Le hamza, qui ne s’applique qu’au grand a, ou alef, se remplace facilement, comme nous l’avons vu, par le signe ”. Le point essentiel est d’avoir bien saisi d’une bouche arabe la vraie valeur du son ainsi figuré.
Nous avons vu que wesla et madda sont réellement superflus, nous n’en tenons point compte.
Tout mon édifice orthographique se trouvant ainsi complété, je vais en rendre sensibles les effets, en le comparant avec la méthode vulgaire, dont j’ai parlé ci-dessus.

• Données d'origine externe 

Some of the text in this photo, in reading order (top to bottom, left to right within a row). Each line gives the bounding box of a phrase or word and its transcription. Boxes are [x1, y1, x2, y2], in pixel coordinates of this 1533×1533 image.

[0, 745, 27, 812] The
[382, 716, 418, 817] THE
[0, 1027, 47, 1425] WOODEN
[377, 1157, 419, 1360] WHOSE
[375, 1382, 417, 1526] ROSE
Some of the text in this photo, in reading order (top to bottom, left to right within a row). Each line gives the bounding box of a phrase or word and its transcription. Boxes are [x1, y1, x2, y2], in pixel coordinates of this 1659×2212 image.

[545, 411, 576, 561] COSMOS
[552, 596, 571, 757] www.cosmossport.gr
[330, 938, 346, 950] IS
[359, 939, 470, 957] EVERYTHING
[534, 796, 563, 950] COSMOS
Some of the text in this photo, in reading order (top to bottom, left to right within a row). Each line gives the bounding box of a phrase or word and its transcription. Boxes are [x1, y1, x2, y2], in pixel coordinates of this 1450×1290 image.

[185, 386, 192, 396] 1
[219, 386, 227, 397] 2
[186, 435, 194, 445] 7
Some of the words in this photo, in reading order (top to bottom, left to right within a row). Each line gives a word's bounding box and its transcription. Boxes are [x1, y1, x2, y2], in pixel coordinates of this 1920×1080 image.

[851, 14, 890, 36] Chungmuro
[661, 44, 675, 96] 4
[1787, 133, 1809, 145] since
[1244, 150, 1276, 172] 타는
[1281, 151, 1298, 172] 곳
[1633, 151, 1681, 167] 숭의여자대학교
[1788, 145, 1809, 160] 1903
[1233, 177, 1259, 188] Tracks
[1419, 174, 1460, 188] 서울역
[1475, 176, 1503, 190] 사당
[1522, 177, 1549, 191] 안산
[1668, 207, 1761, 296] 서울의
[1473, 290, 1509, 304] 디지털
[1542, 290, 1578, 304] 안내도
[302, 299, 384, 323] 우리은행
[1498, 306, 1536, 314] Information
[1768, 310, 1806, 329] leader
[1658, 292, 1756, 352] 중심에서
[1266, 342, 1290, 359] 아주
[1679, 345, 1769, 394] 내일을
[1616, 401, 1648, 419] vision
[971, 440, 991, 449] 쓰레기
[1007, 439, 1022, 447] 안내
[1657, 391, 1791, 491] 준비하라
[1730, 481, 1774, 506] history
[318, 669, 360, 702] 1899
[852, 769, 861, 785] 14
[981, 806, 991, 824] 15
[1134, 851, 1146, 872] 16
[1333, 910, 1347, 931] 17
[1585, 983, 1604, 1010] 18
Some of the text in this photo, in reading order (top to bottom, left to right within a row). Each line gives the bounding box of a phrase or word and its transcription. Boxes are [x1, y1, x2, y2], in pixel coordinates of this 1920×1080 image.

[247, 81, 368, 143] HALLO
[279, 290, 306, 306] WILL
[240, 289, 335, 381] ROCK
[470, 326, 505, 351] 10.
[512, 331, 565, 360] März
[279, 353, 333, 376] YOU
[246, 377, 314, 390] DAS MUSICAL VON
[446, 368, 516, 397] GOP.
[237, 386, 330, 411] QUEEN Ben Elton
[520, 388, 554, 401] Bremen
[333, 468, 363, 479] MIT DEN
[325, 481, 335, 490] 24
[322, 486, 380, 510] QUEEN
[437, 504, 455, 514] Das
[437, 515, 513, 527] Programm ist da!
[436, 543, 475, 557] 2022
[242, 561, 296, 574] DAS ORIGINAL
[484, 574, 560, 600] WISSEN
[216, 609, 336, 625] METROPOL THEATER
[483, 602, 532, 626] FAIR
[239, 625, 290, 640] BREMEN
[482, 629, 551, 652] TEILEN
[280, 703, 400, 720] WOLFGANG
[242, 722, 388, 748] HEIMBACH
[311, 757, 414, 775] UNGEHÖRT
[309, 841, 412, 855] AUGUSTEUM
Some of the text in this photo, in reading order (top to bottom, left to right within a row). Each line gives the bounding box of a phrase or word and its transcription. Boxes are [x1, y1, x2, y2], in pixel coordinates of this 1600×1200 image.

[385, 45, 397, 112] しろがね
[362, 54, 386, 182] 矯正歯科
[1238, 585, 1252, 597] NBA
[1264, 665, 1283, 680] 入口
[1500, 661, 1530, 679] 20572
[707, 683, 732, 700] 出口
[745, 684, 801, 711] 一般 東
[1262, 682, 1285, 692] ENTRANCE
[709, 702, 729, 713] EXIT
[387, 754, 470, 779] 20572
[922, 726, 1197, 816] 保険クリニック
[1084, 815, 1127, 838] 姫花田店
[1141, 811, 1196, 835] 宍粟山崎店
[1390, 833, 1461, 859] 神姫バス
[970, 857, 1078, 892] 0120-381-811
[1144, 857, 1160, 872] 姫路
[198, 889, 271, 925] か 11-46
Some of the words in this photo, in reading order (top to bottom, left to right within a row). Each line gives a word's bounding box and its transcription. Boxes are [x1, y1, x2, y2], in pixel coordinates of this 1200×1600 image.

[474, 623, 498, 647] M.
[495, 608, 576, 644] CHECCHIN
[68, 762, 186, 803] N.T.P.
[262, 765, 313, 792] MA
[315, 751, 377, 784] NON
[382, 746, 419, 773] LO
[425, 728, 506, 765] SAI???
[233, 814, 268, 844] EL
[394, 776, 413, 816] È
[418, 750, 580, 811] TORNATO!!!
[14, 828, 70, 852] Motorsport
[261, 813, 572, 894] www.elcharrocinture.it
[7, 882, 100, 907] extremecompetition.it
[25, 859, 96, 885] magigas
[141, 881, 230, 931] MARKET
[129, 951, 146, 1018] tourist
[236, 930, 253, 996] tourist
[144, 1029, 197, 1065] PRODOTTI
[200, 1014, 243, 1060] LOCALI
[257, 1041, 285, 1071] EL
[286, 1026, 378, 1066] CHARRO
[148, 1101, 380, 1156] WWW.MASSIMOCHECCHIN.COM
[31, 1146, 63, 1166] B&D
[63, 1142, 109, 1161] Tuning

Le lecteur jugera par lui-même combien ma méthode est préférable aux routines suivies jusqu’à ce jour.
Je prends pour exemple le modèle de transcription qui se trouve à la page 65 de la grammaire de M. de Sacy, en regard à la page 64, où est écrit le texte arabe; cette transcription porte ces mots:
«Akh-bâ-rou a-bi dou-lâ-ma-ta wa-na-sa-bou-hou a-bou dou-lâ-ma-ta zan-dou ’b-nou ’l-djoûni wa-ac-tsa-rou ’n-nâ-si you-sah-hi-fou ’s-ma-hou.»
Voici mes remarques: d’abord le domma étant écrit absolument comme le waw à la fin des verbes, l’on ne peut distinguer le singulier du pluriel: par exemple, dans you-sah-hi-fou, si l’ou final est domma, c’est la troisième personne singulière, signifiant il a erré; si, au contraire, cet ou final est waw, c’est la troisième personne au pluriel: de même dans akh-bâ-rou, si ou est domma, c’est le substantif histoire, récit; s’il est waw, c’est le verbe à sa troisième personne du pluriel, ils ont appris.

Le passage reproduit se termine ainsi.